Astronomía

Nuevo paso en la búsqueda de otros mundos: descubrieron una "súper Tierra" a 91 años luz

El planeta fue detectado mediante el método de velocidad radial, una técnica que mide pequeñas oscilaciones en el movimiento de la estrella causadas por la atracción gravitacional de los planetas que la orbitan

La búsqueda de planetas fuera del sistema solar continúa avanzando y sumando descubrimientos que ayudan a entender mejor cómo se forman los mundos en la galaxia. Un equipo internacional de científicos confirmó recientemente la existencia de una nueva "súper Tierra" que orbita la estrella HD 176986, ubicada a unos 91 años luz de la Tierra.

El planeta, denominado HD 176986 d, se suma a otros dos mundos que ya se conocían en este sistema estelar. Su hallazgo eleva a tres el número de planetas que orbitan esta estrella y aporta nueva información sobre la formación de planetas relativamente pequeños alrededor de estrellas similares al Sol.
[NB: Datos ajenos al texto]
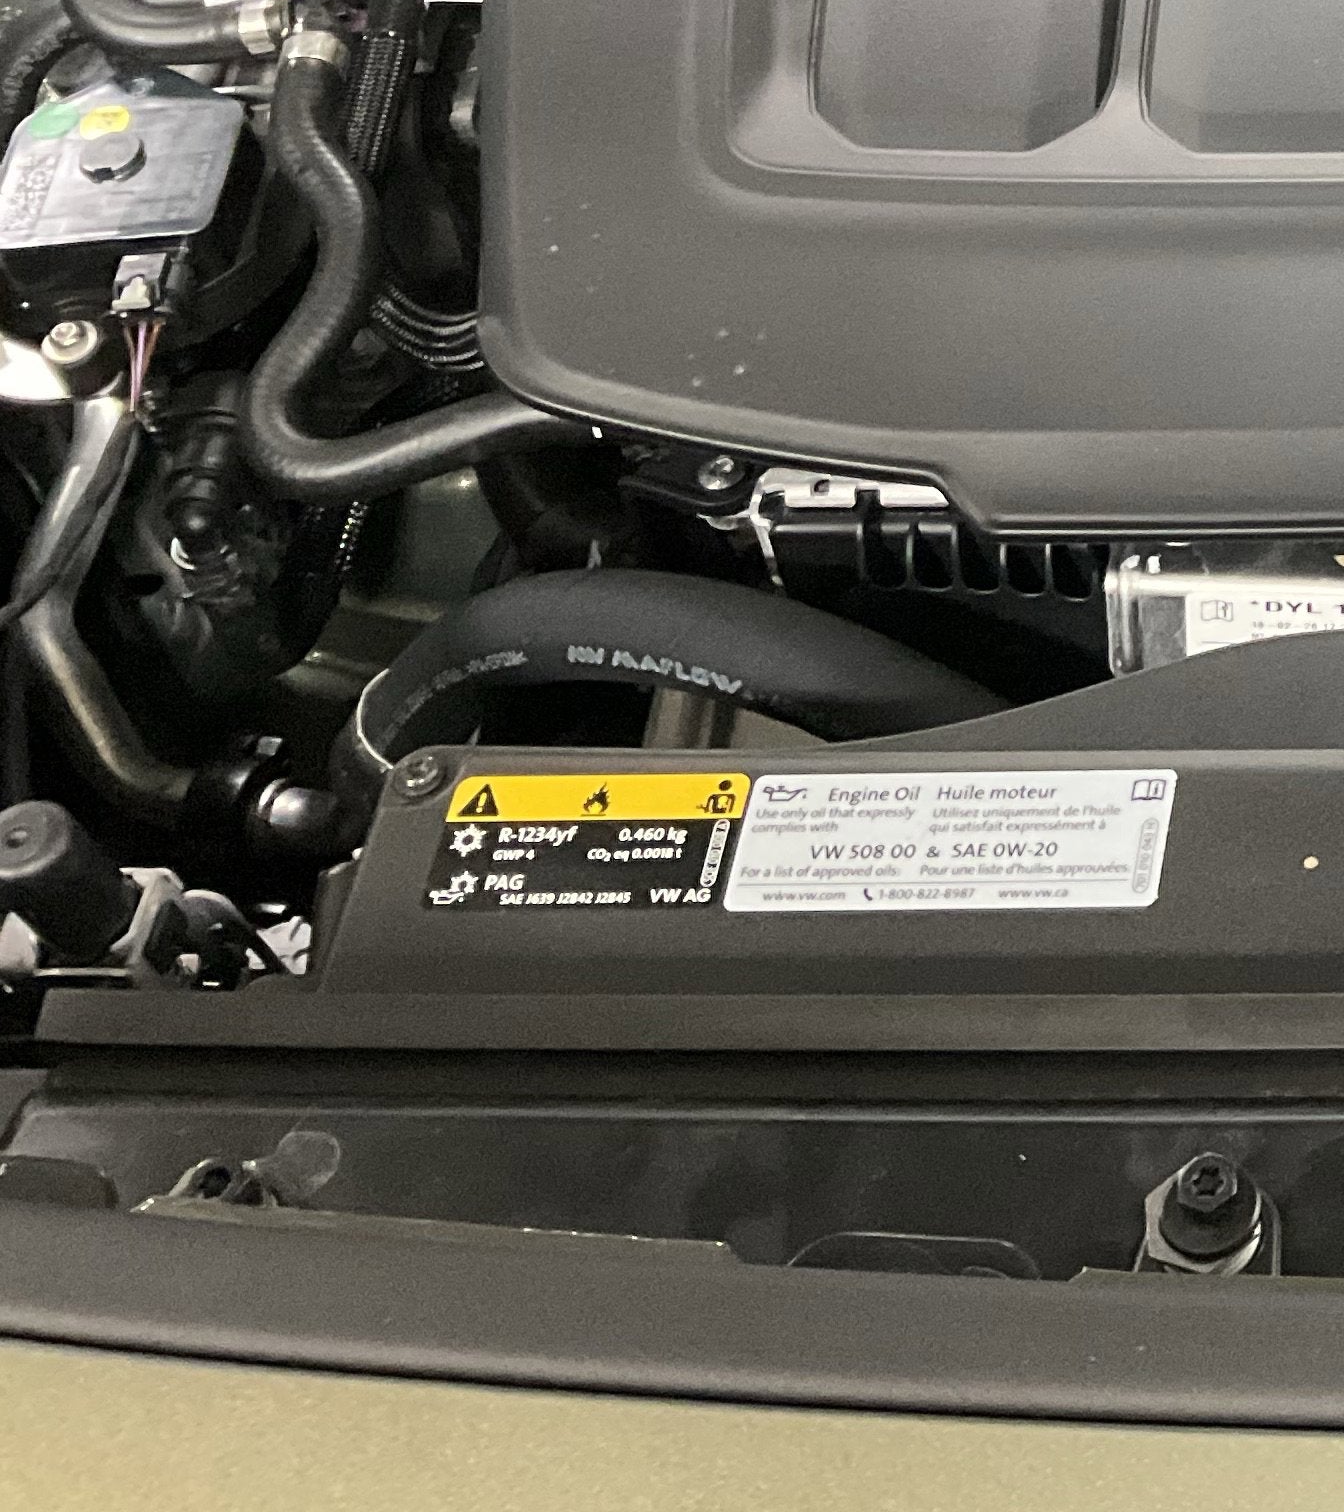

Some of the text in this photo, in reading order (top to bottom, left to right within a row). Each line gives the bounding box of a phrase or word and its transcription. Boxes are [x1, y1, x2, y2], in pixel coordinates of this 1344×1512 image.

La estrella HD 176986 es una enana naranja de tipo K, ligeramente más pequeña y fría que nuestro Sol. En 2018, los astrónomos habían identificado dos planetas en este sistema: HD 176986 b y HD 176986 c, que completan una vuelta alrededor de su estrella en 6,5 y 16,8 días, respectivamente.

El nuevo planeta descubierto presenta características que lo ubican dentro de la categoría de supertierra. Estos mundos son más masivos que la Tierra, pero mucho más pequeños que gigantes gaseosos como Júpiter o Saturno. En este caso, el planeta tiene una masa mínima inferior a siete veces la masa terrestre y tarda 61,4 días en completar una órbita alrededor de su estrella.

Aunque en los últimos años se han descubierto miles de exoplanetas, los científicos señalan que este tipo de mundos sigue siendo relativamente poco común. Los planetas pequeños que se encuentran a mayor distancia de sus estrellas generan señales muy débiles en los instrumentos de observación, lo que hace que detectarlos sea un desafío.

Para confirmar su existencia, los investigadores analizaron datos obtenidos durante más de 350 noches de observación utilizando el método de velocidad radial, que mide las pequeñas oscilaciones en el movimiento de una estrella provocadas por la atracción gravitacional de los planetas que la rodean.

Además, se aplicaron técnicas avanzadas de procesamiento de datos, como el sistema YARARA, que permite eliminar el "ruido" generado por la actividad natural de la estrella. Tras múltiples análisis, la señal observada mantuvo las características esperadas de un planeta, lo que permitió confirmar finalmente el descubrimiento.